Para realizar un monitoreo remoto domiciliario efectivo es necesario primero entender los requerimientos y mejores prácticas del monitoreo remoto hospitalario. Además, es necesario digitalizar información de signos vitales de los pacientes para poder desarrollar las lógicas de riesgos respiratorios de los pacientes (esta información actualmente se encuentra en papel).

Para esto último, en conjunto con un equipo de clínico del HEGC compuesto por médicos y enfermeras, se definió una lógica de riesgo paro cardio respiratorio y los rangos de normalidad de signos vitales.

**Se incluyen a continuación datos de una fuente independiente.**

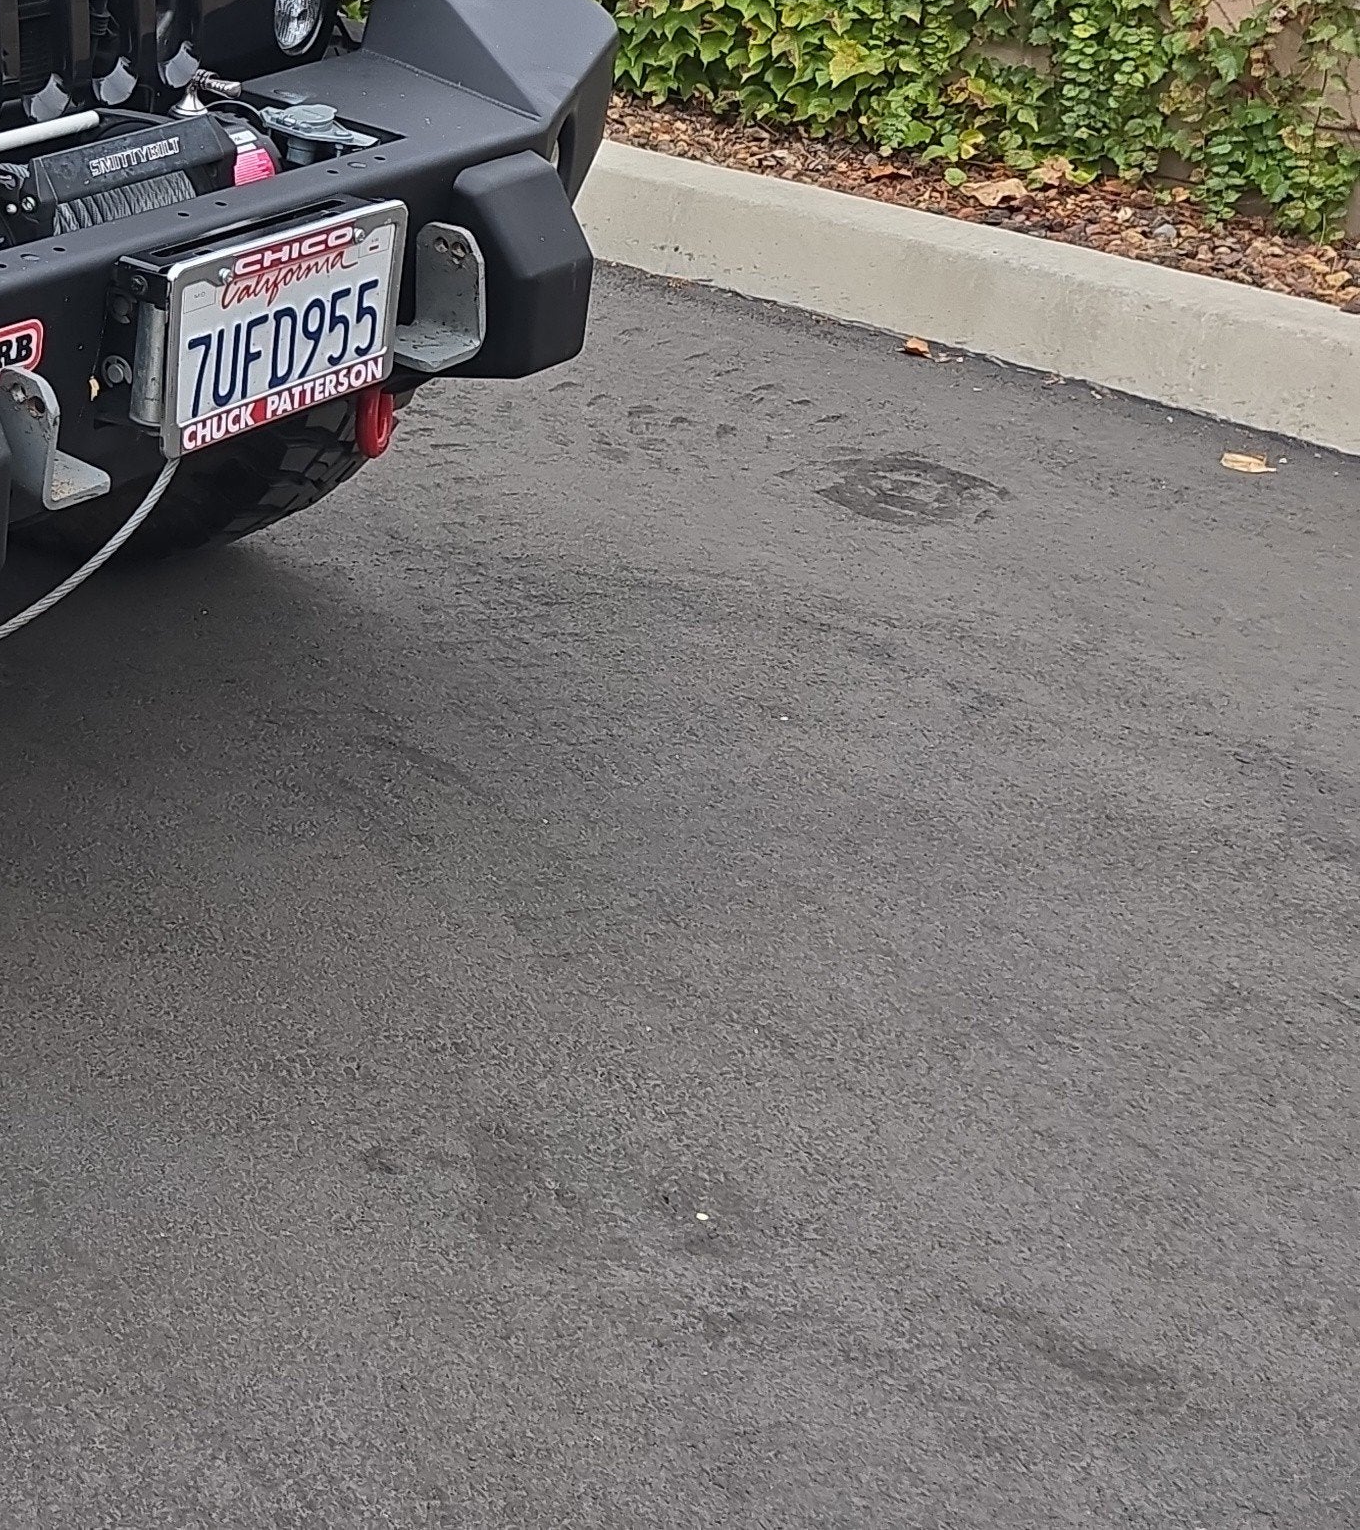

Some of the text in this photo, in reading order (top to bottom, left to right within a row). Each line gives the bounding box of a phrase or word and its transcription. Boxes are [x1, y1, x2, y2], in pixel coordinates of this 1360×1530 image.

Se desarrolló el sistema Ámbar, el cual ha funcionado 24/7 en la Unidad de Lactantes desde el 1° de agosto de 2016 y ha recolectado, en un repositorio centralizado, más de 30 mil registros de signos vitales. Además, ejecuta la lógica propuesta por el equipo clínico en el momento de registro de cada signo vital para alertar el estado del paciente y así tener un monitoreo remoto hospitalario. Este monitoreo es independiente de la ubicación del paciente, de la persona que realiza la atención y del tiempo en que se realiza la atención.

Se plantea una metodología basada en CRISP-DM para validar empíricamente el juicio experto y desarrollar la habilidad de hacer mejoras continuas en los modelos. Utilizando esta metodología se etiquetan, en conjunto con el equipo clínico, más de 850 signos vitales, y se presentó una propuesta final de modelos clasificación de riesgo de signos vitales.

Se evaluó el modelo inicial propuesto por el equipo de clínico del hospital, se comparó con el modelo propuesto por Agüero, 2015 [9] y se concluyó que para los riesgos altos este último modelo mejora entre un 35% la Precisión y 65% el Sensitivity. Para los riesgos medios aumenta ambas métricas alrededor de 25%. Para los riesgos bajos mejora 20% y 50% la Precisión y el Sensitivity, respectivamente.

El siguiente paso del proyecto monitoreo remoto de pacientes consiste en extrapolar el sistema desarrollado en el hospital en un ambiente domiciliario.